— Task item —
No pictures are to be included when the entries below are reproduced exactly.

— Spatial localization data —
+ + +

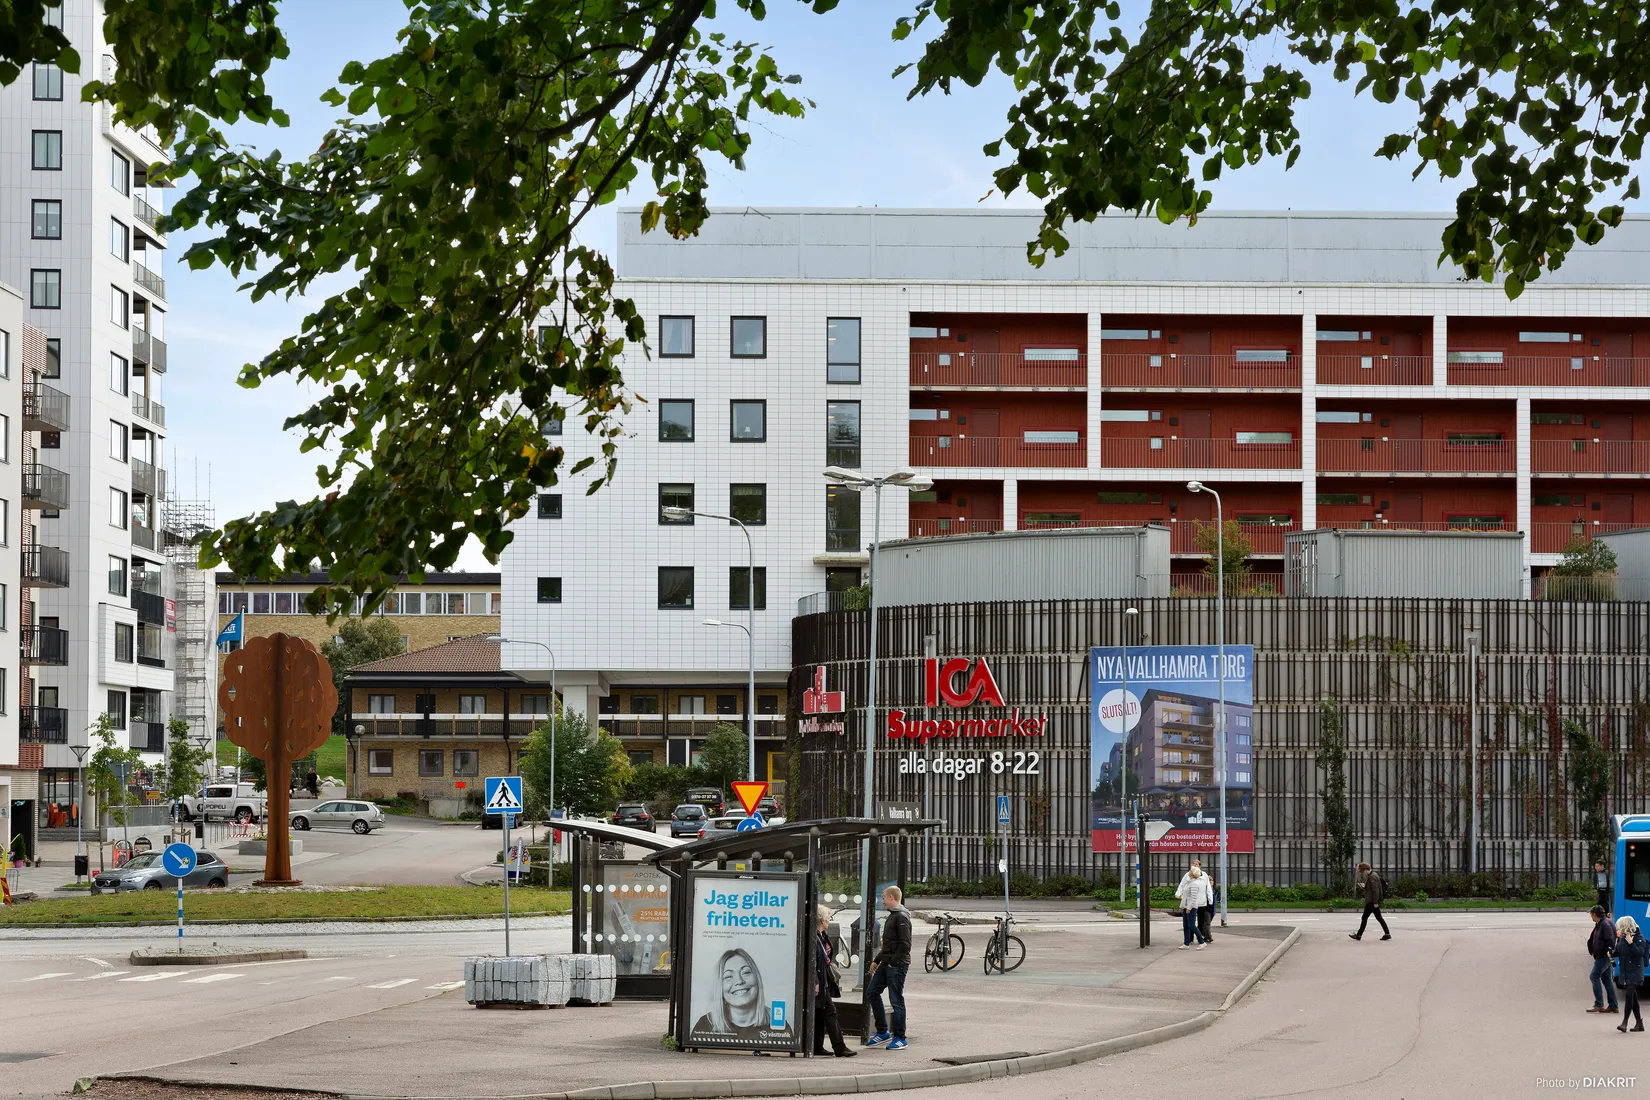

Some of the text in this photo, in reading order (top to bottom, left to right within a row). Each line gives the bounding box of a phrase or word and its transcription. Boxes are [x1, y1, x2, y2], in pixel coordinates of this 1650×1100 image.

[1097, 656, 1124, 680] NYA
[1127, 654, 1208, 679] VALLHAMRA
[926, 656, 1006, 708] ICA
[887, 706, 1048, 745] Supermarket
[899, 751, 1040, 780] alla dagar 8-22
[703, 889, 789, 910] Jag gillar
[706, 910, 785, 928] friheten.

+ + +

— Written answer —
Some of the text in this photo, in reading order (top to bottom, left to right within a row). Each line gives the bounding box of a phrase or word and its transcription. Boxes are [x1, y1, x2, y2], in pixel coordinates of this 1650×1100 image.

[1097, 656, 1124, 680] NYA
[1127, 654, 1208, 679] VALLHAMRA
[926, 656, 1006, 708] ICA
[887, 706, 1048, 745] Supermarket
[899, 751, 1040, 780] alla dagar 8-22
[703, 889, 789, 910] Jag gillar
[706, 910, 785, 928] friheten.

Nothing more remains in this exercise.